4. The method for identifying the brand of the automobile based on the bilinear convolutional neural network of the feature grouping as claimed in claim 3, wherein the specific method of the step 3 is as follows:

step 3-1: constructing a bilinear convolution neural model to obtain two convolution characteristic graphs;

step 3-2: adding a characteristic grouping module, dividing each path of characteristic diagram obtained in the step 3-1 into category arrays, and performing inner and outer product operation on the two paths of characteristic diagrams to greatly reduce the parameter quantity of the bilinear convolution model;

step 3-3: the global maximum pooling layer is used for replacing a full-link layer, so that the parameter quantity of the bilinear convolution model is effectively reduced;

step 3-4: inputting the training data set obtained in the step 2-2 into the model obtained in the step 3-2 for training;

step 3-5: and after the model is fully trained, a weight file of the bilinear model based on the feature grouping is obtained.

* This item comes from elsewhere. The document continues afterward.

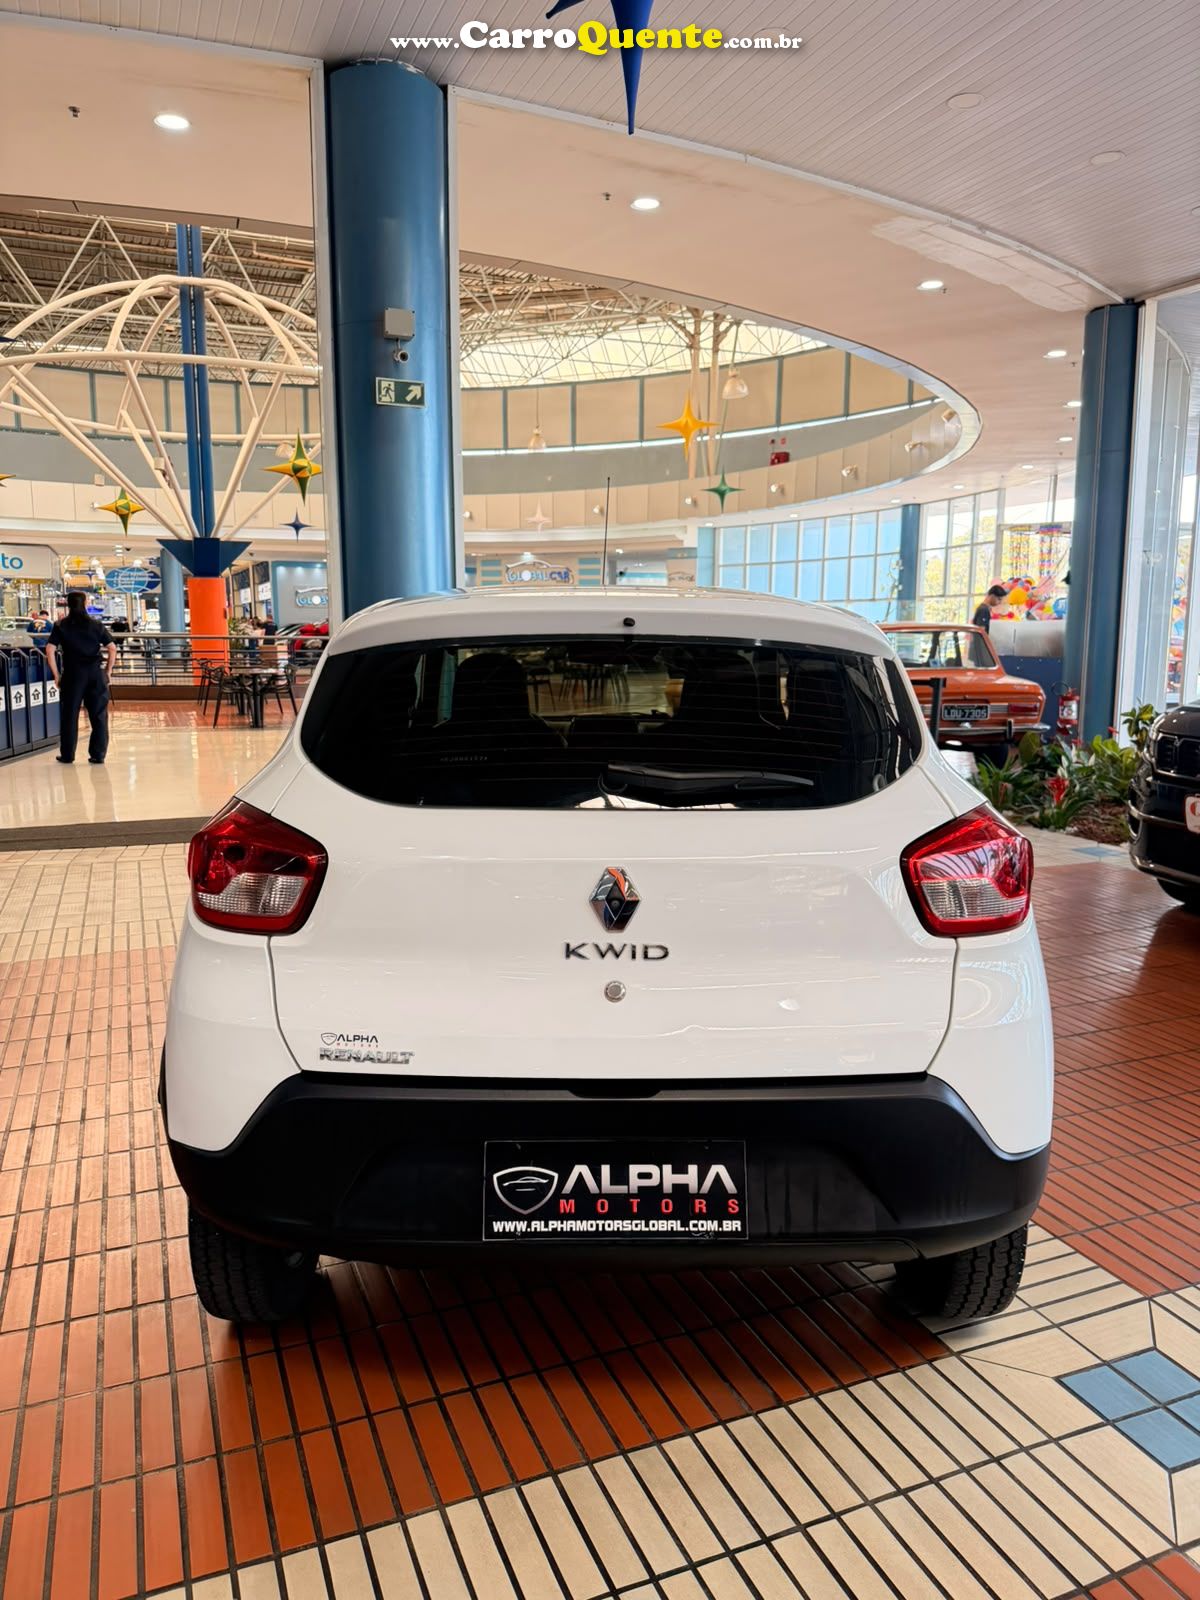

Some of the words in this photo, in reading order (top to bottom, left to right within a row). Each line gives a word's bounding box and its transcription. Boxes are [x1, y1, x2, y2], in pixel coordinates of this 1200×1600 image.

5. The method for identifying the brand of the automobile based on the bilinear convolutional neural network of the feature grouping as claimed in claim 4, wherein: and (4) selecting a Resnet-34 network model from the two convolution models in the bilinear convolution neural network model in the step (3-1).

6. The method for identifying the brand of the automobile based on the bilinear convolutional neural network of the feature grouping as claimed in claim 4, wherein the specific method of the step 4 is as follows:

step 4-1: carrying out vehicle detection on the input image by using the trained target detection model SSD to obtain an image area containing the automobile;

step 4-2: scaling the resulting cropped image to a size of 448 x 448;

step 4-3: loading the weight file trained in the step 3-5 into a bilinear convolutional neural network based on the feature grouping;

step 4-4: inputting the image obtained in the step 4-2 into the model in the step 4-3 for recognition, and finally classifying the image through a Softmax classifier;

and 4-5: and outputting the brand classification corresponding to the image by the model.